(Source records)
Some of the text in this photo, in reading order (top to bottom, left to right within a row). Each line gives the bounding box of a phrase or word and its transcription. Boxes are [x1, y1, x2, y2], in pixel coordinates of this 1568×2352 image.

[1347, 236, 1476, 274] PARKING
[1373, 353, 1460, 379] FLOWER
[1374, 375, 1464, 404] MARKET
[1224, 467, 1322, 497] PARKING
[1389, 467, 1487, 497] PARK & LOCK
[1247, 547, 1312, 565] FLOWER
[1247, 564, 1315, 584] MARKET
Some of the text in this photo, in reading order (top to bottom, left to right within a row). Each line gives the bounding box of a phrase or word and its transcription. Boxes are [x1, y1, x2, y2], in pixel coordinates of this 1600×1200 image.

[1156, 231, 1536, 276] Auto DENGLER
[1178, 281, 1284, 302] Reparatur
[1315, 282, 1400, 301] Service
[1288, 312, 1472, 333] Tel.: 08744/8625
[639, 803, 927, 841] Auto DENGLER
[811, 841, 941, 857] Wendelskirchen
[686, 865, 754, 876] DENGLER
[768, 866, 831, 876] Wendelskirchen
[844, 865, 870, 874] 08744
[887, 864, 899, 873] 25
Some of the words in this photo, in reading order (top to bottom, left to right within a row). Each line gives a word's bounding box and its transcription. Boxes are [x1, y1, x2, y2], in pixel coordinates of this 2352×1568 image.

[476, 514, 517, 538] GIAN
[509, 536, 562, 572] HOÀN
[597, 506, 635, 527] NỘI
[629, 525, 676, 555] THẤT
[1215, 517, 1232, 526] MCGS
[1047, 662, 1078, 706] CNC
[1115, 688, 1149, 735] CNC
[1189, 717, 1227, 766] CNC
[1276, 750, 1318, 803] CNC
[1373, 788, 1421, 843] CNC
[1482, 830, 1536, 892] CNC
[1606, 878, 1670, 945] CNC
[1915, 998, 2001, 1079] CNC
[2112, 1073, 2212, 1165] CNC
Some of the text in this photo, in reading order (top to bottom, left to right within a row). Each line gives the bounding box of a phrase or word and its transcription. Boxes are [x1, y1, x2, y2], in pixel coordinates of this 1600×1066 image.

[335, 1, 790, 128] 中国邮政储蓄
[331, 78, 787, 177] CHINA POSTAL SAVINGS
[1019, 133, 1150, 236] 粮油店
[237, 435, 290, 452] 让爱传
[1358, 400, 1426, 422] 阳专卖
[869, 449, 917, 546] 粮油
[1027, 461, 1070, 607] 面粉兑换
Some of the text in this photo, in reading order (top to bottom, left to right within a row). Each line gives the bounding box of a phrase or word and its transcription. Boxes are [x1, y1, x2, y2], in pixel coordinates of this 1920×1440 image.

■ **The problem**
The full set of entries above has to be restated exactly.

■ **Answer to this problem**
Some of the text in this photo, in reading order (top to bottom, left to right within a row). Each line gives the bounding box of a phrase or word and its transcription. Boxes are [x1, y1, x2, y2], in pixel coordinates of this 1568×2352 image.

[1347, 236, 1476, 274] PARKING
[1373, 353, 1460, 379] FLOWER
[1374, 375, 1464, 404] MARKET
[1224, 467, 1322, 497] PARKING
[1389, 467, 1487, 497] PARK & LOCK
[1247, 547, 1312, 565] FLOWER
[1247, 564, 1315, 584] MARKET
Some of the text in this photo, in reading order (top to bottom, left to right within a row). Each line gives the bounding box of a phrase or word and its transcription. Boxes are [x1, y1, x2, y2], in pixel coordinates of this 1600×1200 image.

[1156, 231, 1536, 276] Auto DENGLER
[1178, 281, 1284, 302] Reparatur
[1315, 282, 1400, 301] Service
[1288, 312, 1472, 333] Tel.: 08744/8625
[639, 803, 927, 841] Auto DENGLER
[811, 841, 941, 857] Wendelskirchen
[686, 865, 754, 876] DENGLER
[768, 866, 831, 876] Wendelskirchen
[844, 865, 870, 874] 08744
[887, 864, 899, 873] 25
Some of the words in this photo, in reading order (top to bottom, left to right within a row). Each line gives a word's bounding box and its transcription. Boxes are [x1, y1, x2, y2], in pixel coordinates of this 2352×1568 image.

[476, 514, 517, 538] GIAN
[509, 536, 562, 572] HOÀN
[597, 506, 635, 527] NỘI
[629, 525, 676, 555] THẤT
[1215, 517, 1232, 526] MCGS
[1047, 662, 1078, 706] CNC
[1115, 688, 1149, 735] CNC
[1189, 717, 1227, 766] CNC
[1276, 750, 1318, 803] CNC
[1373, 788, 1421, 843] CNC
[1482, 830, 1536, 892] CNC
[1606, 878, 1670, 945] CNC
[1915, 998, 2001, 1079] CNC
[2112, 1073, 2212, 1165] CNC
Some of the text in this photo, in reading order (top to bottom, left to right within a row). Each line gives the bounding box of a phrase or word and its transcription. Boxes are [x1, y1, x2, y2], in pixel coordinates of this 1600×1066 image.

[335, 1, 790, 128] 中国邮政储蓄
[331, 78, 787, 177] CHINA POSTAL SAVINGS
[1019, 133, 1150, 236] 粮油店
[237, 435, 290, 452] 让爱传
[1358, 400, 1426, 422] 阳专卖
[869, 449, 917, 546] 粮油
[1027, 461, 1070, 607] 面粉兑换
Some of the text in this photo, in reading order (top to bottom, left to right within a row). Each line gives the bounding box of a phrase or word and its transcription. Boxes are [x1, y1, x2, y2], in pixel coordinates of this 1920×1440 image.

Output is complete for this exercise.